Moreover, “Dr. Slater enjoys hunting. He took hunting trips and leased hunting property before he began developing Shooter’s Ear. Dr. Slater could have performed his research without hunting, and he spent only a small portion of his time on the trips documenting his research. On these facts we find that petitioners have not clearly established that the principal character of the trips was the active conduct of Austin Otology’s business. Therefore, the expenses did not directly relate to the active conduct of a trade or business, and Austin Otology improperly deducted them.” 2013 T. C. Memo. 293, at pp. 15-16.

Oh yes, Pat also wrote off the taxidermy expenses for his trophies.

Next up is (or are) Travis A. Mathis and Bettina C. Jary-Mathis, 2013 T. C. Memo. 294, filed 12/30/13, but it’s really Bettina’s story, although Travis, as heir to the Brown & Root engineering fortune, supplies the moolah wherewith Bettina disports herself.

Bettina is a great fan of cutting horses. No, not the kind that get the “G” in the racing form. Her cutting horses are those used by cowhands to isolate individual members of a cow herd, so as to “rope ‘em and brand ‘em and bob off their tails” with a loud whoopie-ti-yi-yo.

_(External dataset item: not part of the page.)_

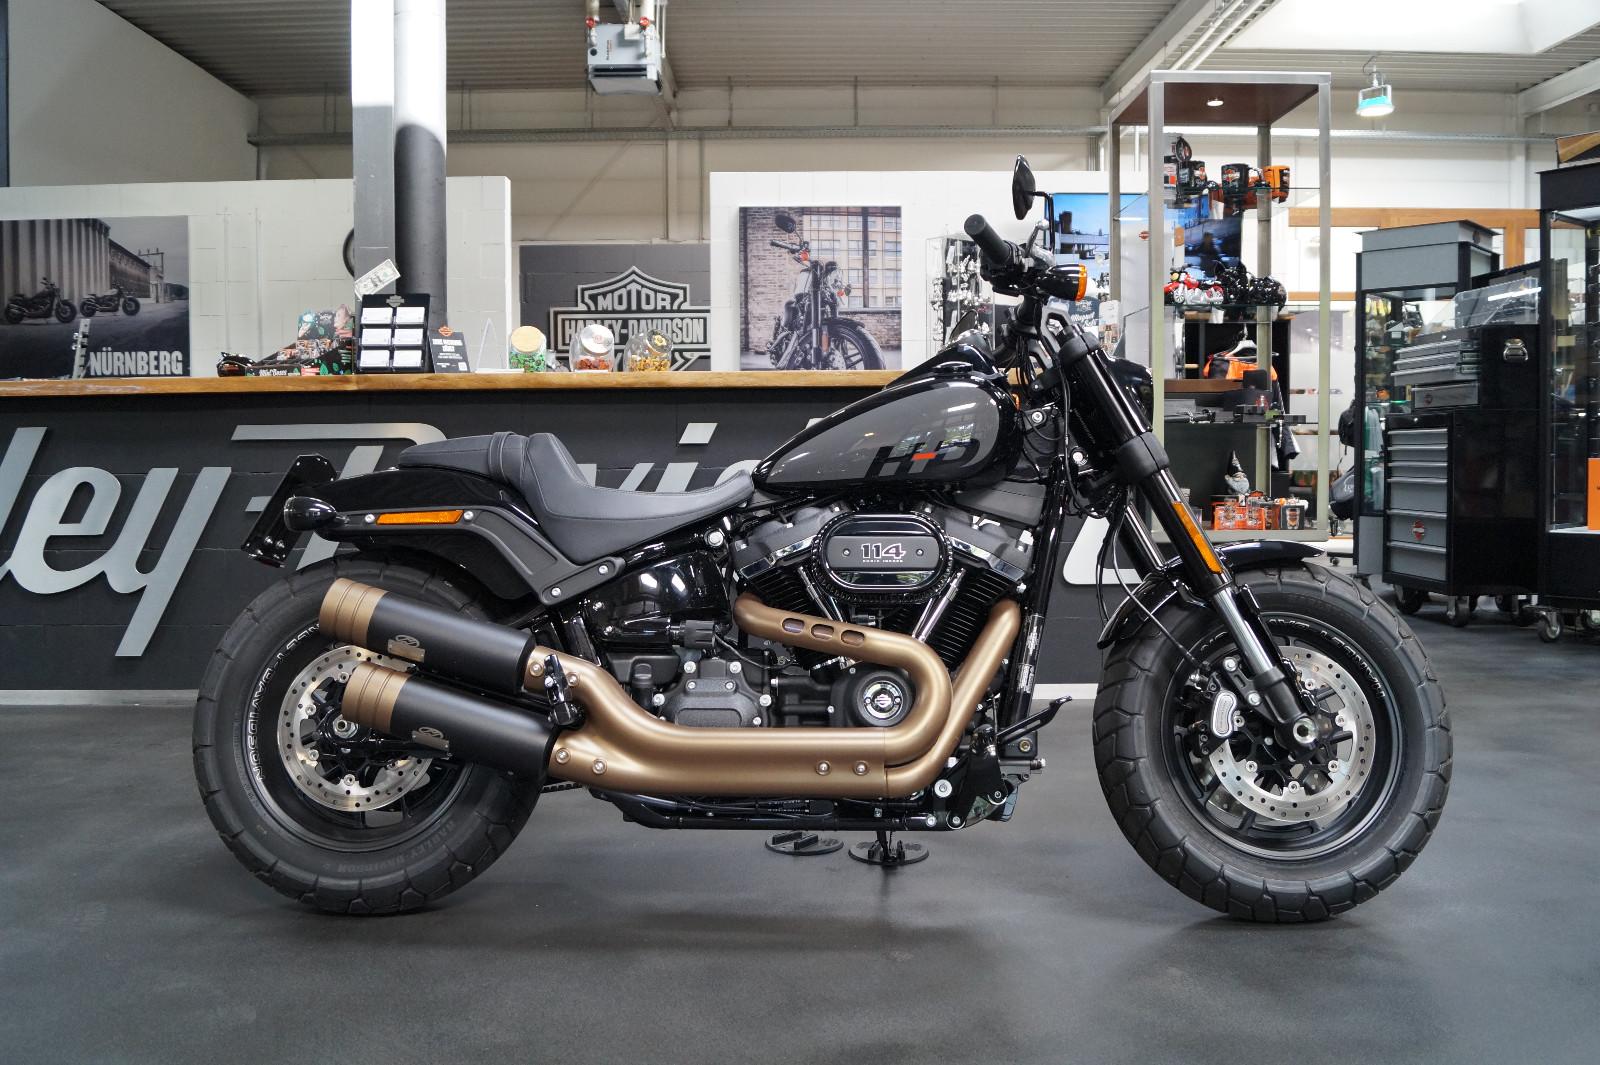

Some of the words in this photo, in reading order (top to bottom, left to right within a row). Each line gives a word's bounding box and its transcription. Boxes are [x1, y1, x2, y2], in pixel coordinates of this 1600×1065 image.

[597, 282, 672, 311] MOTOR
[89, 346, 184, 376] NÜRNBERG
[861, 542, 907, 560] 114

Ever since she could toddle round the corral, Bettina was a devotee of the cutting horse. At first she tried training and selling, but the best trainers wouldn’t go on retainer, as they wanted to exhibit their craft in many stables. Of course the training operation lost money.

Then Bettina turned to breeding. She studied bloodlines, took a seminar, made a business plan, hired a bookkeeper to record every expenditure and kept the same CPA preparing her tax returns for all the years she ran her ranch.

But the switch from training to breeding wasn’t starting a new activity. The two are too closely related.

Besides, “The current and expected losses of an activity should not be of such a magnitude that an overall profit going forward would not be possible. Bessenyey v. Commissioner, 45 T.C. 261, 274 (1965), aff’d, 379 F.2d 252 (2d Cir. 1967). Petitioners have accumulated over $9 million in losses from their cutting horse activity. It is unrealistic to expect that petitioners would not continue to accumulate significant losses. They have presented no convincing evidence that future profits could possibly offset these losses.” 2013 T. C. Memo. 294, at p. 16.

But ultimately, Bettina was having too much fun. “After weighing all the facts and circumstances in light of the relevant factors, we conclude that petitioners did not engage in their cutting horse activity with the requisite profit objective. Mrs. Jary-Mathis is determined to be a successful horsewoman. She wants to build a reputation as a producer of top-level cutting horses. However, she has pursued this goal independently of any desire to earn profits. She has continued training and breeding cutting horses for 17 years without ever approaching profitability, yet she has never seriously considered discontinuing operations.” 2013 T. C. Memo. 294, at p. 18.

The CPA helps Bettina avoid the 20% penalty, however.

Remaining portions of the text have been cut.